Passos práticos para blindar o orçamento
O terceiro passo é evitar novos parcelamentos longos em bens não essenciais. Em momento de risco de desemprego, comprometer 12, 18 ou 24 meses de salário com um item que não é indispensável é uma aposta arriscada. Se a fonte de renda cai, a dívida fica.
O quarto passo, e talvez o mais importante, é reconstruir — mesmo que devagar — uma reserva de emergência. Guardar o equivalente a um mês de despesas essenciais já é um começo poderoso. Essa reserva funciona como um airbag: se o cenário do estudo se confirmar e o mercado de trabalho apertar, quem tem colchão financeiro sofre menos e não é obrigado a aceitar as piores condições de crédito na urgência.

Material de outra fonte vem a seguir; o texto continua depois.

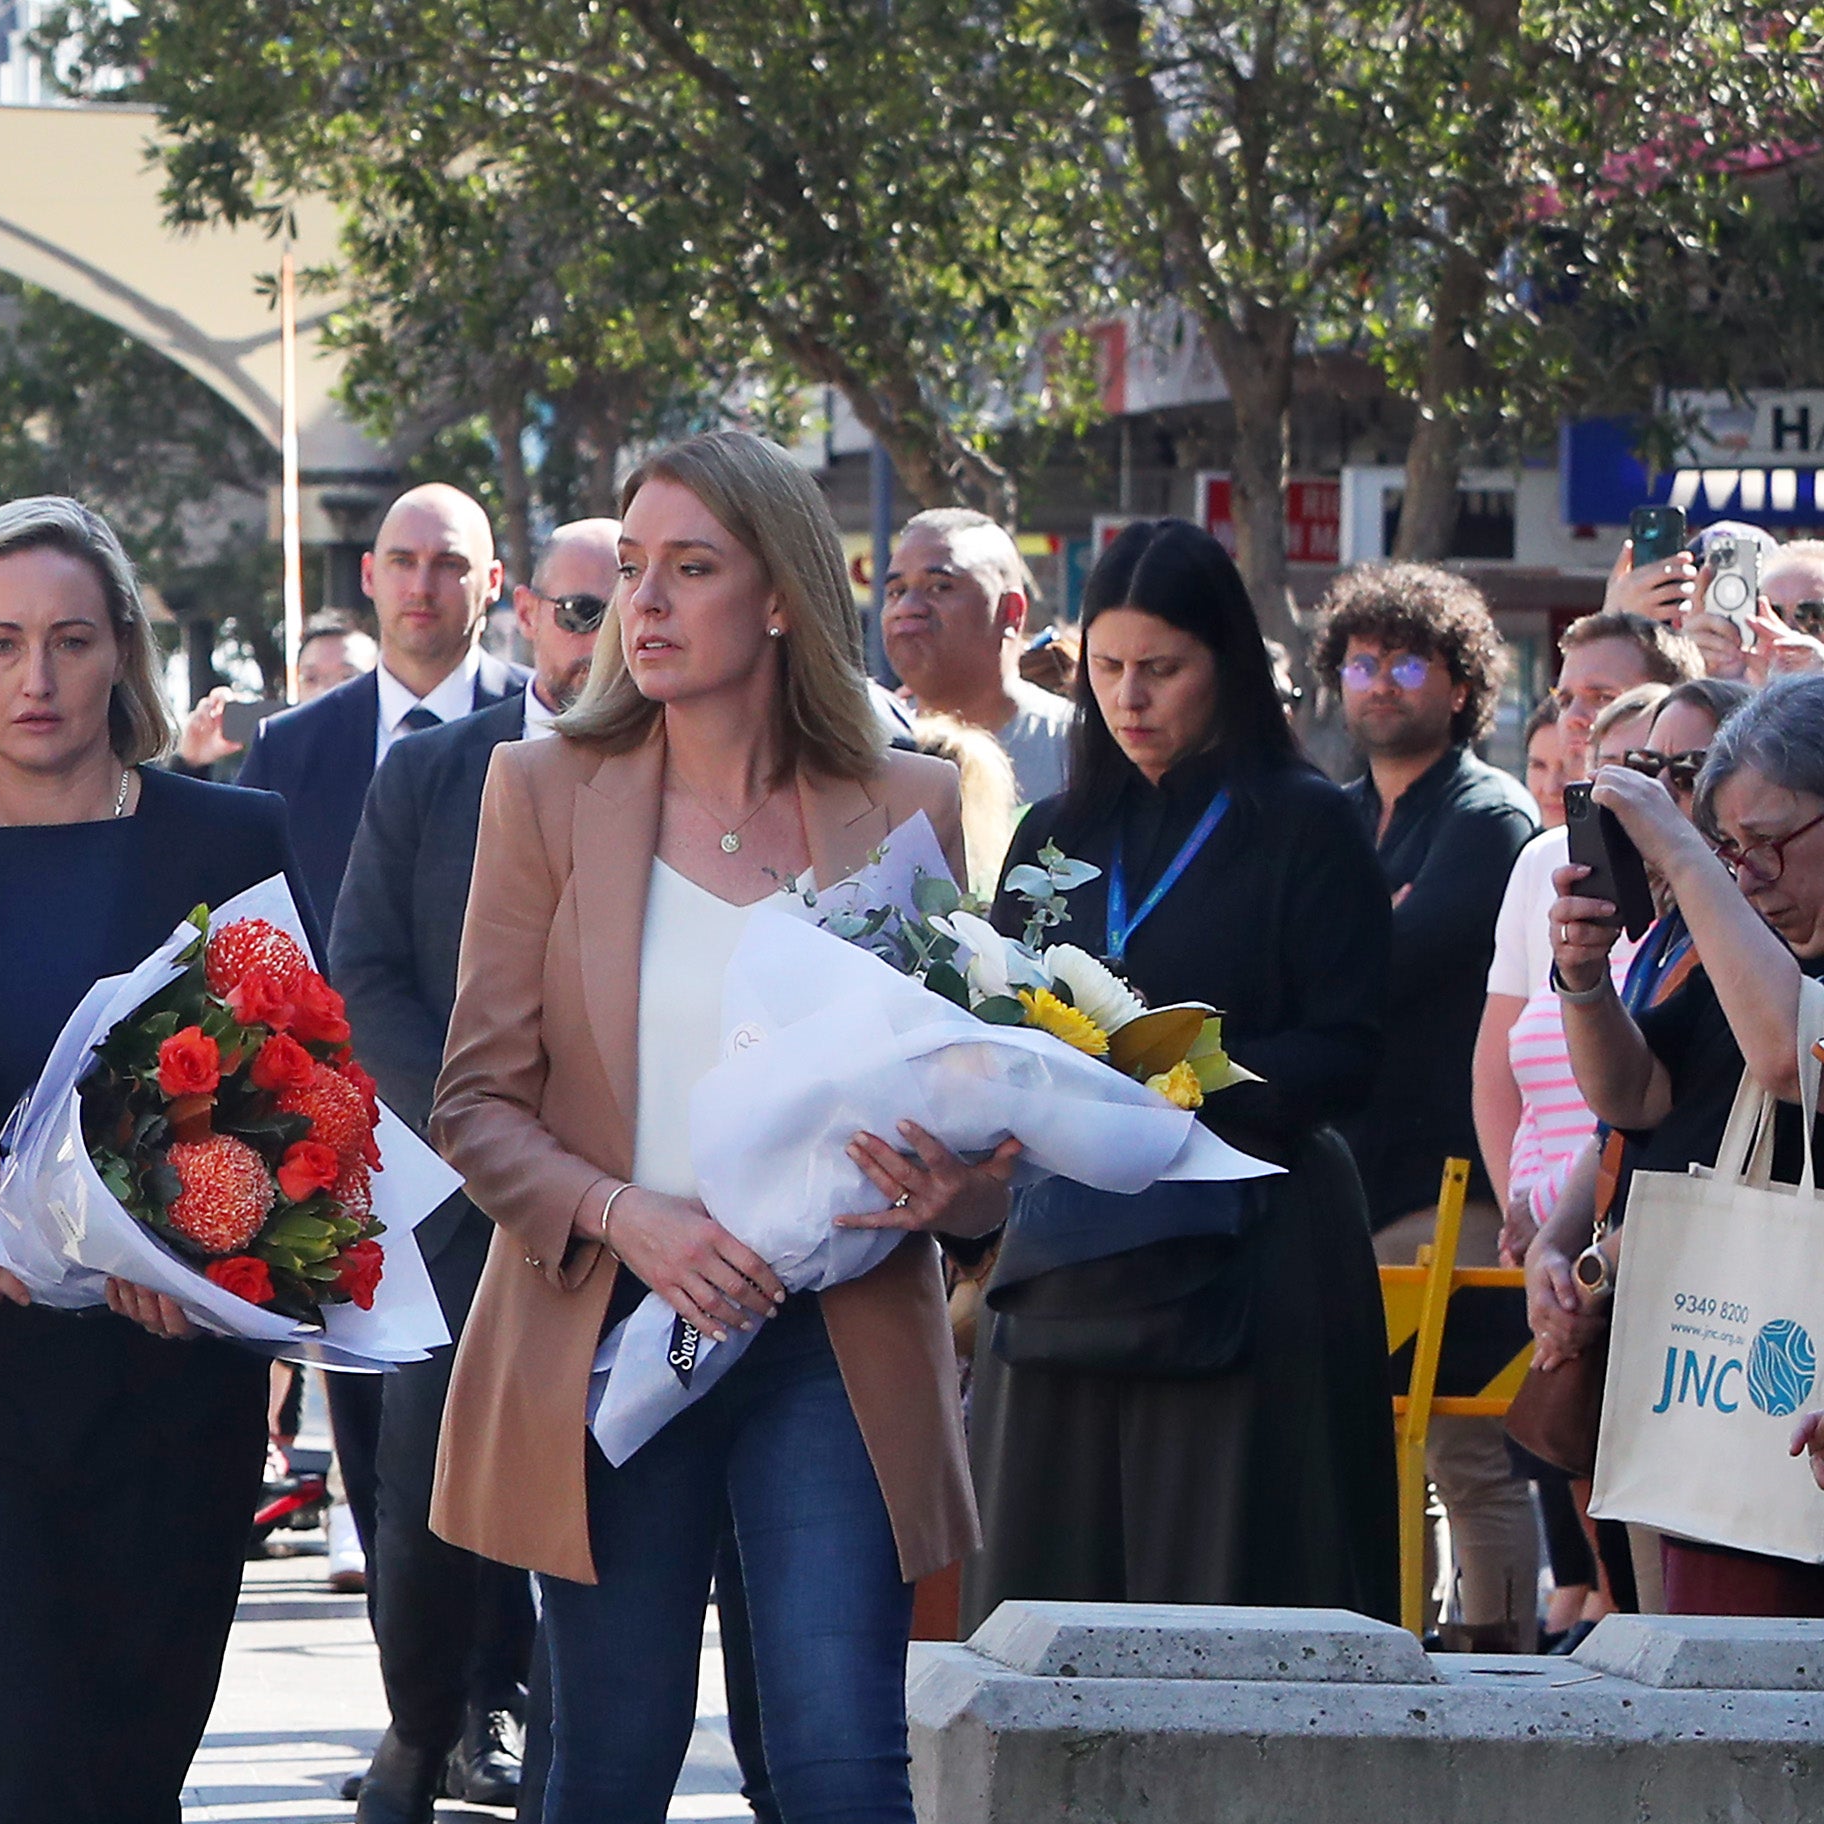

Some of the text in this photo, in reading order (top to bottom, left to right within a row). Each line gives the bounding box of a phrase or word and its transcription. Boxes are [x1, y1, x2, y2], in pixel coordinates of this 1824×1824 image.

[1674, 1293, 1749, 1325] 9349 8200
[1670, 1322, 1745, 1346] www.jnc.org.au
[1652, 1346, 1744, 1414] JNC
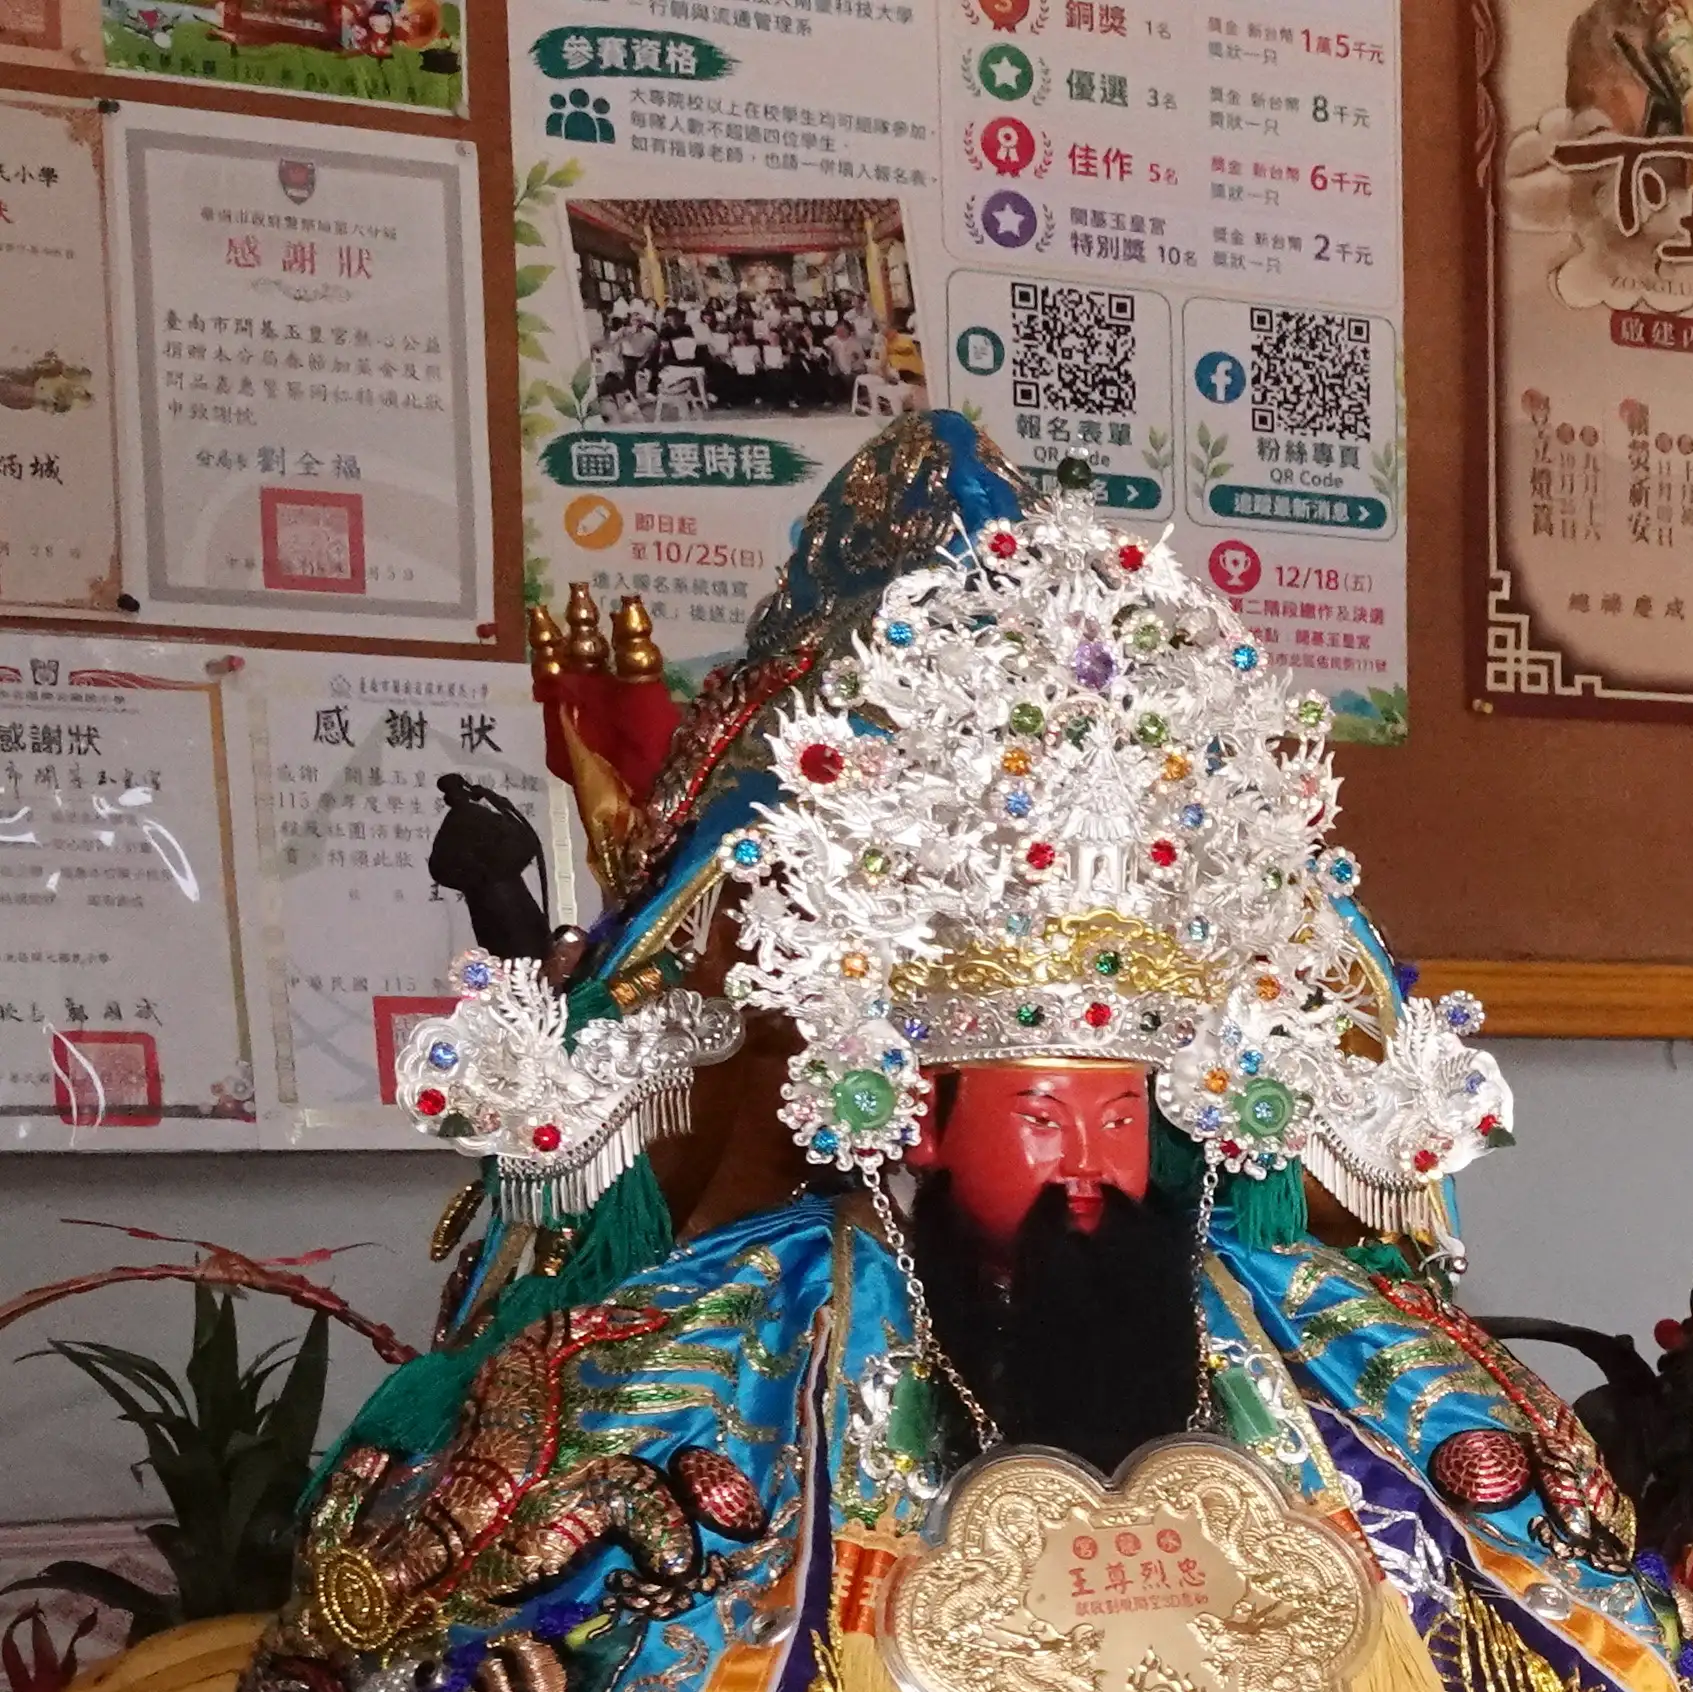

O que esperar dos próximos meses
Em resumo, o levantamento acende um sinal amarelo importante: o endividamento das famílias não é mais só um problema de finanças pessoais, é um freio para a economia real e um risco para o emprego. Isso não significa que uma crise generalizada esteja contratada — o cenário ainda pode virar com queda de juros, aumento da renda formal ou políticas de renegociação em massa.
Mas, do ponto de vista de quem vive de salário ou de benefício do INSS, o recado é claro: os próximos meses pedem cautela com novas dívidas, atenção redobrada ao orçamento e priorização absoluta das linhas de crédito mais baratas para trocar as mais caras. Renegociar hoje, mesmo com desconto pequeno, tende a ser mais barato do que renegociar amanhã sem emprego.
Se você já está com dívidas apertando, o próximo passo prático é listar todas elas, ordenar da mais cara para a mais barata e procurar diretamente a instituição credora para negociar. E, antes de assumir qualquer novo empréstimo — inclusive consignado —, faça a conta se a nova parcela realmente cabe no seu orçamento, considerando o cenário de aperto que o estudo projeta para os próximos meses.
Referências
- Estudo Ibevar-FIA Business School sobre endividamento das famílias, consumo e mercado de trabalho.
- Parâmetros oficiais vigentes do empréstimo consignado do INSS, do consignado privado (CLT) e regras do BPC/LOAS.